Autopilot System Design for AAI Aerosonde UAV

I designed and implemented an autopilot system and state estimation using a Kalman filter in Python for a digital twin of an AAI Aerosonde unmanned aerial vehicle (UAV) as part of a team of four. Our approach was grounded in the foundational principles outlined in Randal Beard’s Small Unmanned Aircraft: Theory and Practice, particularly emphasizing robust control design, state estimation techniques, and the complexities of UAV dynamics.

Utilizing the textbook’s insights, we ensured precise control system performance by developing algorithms that modeled the UAV’s dynamics and kinematics. This included detailed simulations of the UAV’s response to various inputs, allowing us to fine-tune our control strategies. Trim control was also implemented, such that the vehicle travelled at a constant speed \(V_a^*\), climbed at a constant flight path angle \(\gamma^*\), and remained in constant orbit of radius \(R^*\).
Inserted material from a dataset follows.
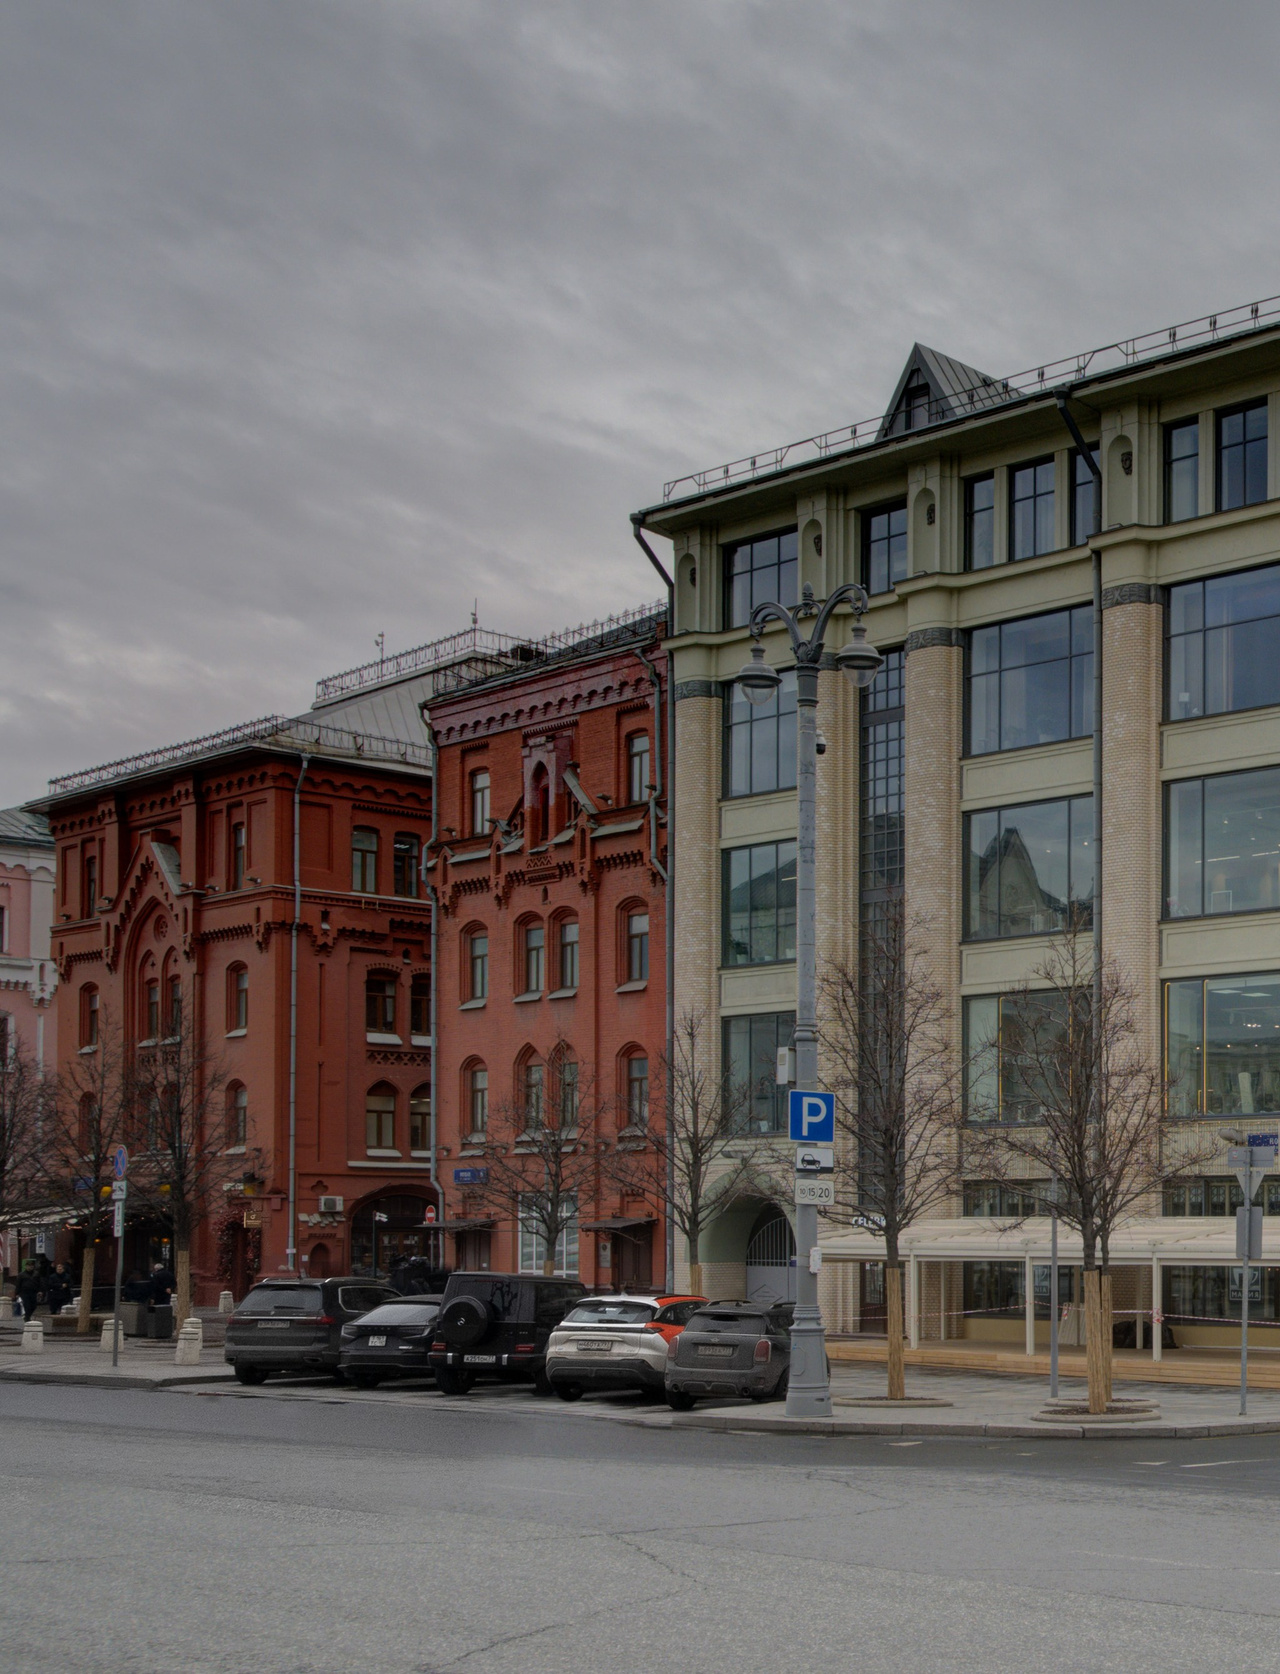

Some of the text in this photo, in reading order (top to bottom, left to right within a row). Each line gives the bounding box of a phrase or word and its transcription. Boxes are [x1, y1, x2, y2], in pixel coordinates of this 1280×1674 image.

[802, 1096, 827, 1136] P
[799, 1187, 830, 1198] 10 15 20
In modeling wind disturbances, we employed the von Karman turbulence spectrum to replicate realistic atmospheric conditions. This approach was vital for testing the UAV’s wind rejection capabilities, as it introduced a level of unpredictability often encountered in real-world flight. By accurately simulating these environmental factors, we could evaluate the robustness of our autopilot system in handling external disturbances.

In addition to the technical implementation, I authored a solo proposal advocating for the adoption of Incremental Nonlinear Dynamic Inversion (INDI) control in future research, as an improvement over PID controllers, specifically to enhance rejection of nondeterministic disturbances such as wind.

Throughout the project, my responsibilities also included organizing and leading six presentations to communicate our progress to peers and stakeholders. These presentations were instrumental in fostering collaborative discussions and ensuring that our team remained aligned on objectives, methodologies, and expected outcomes.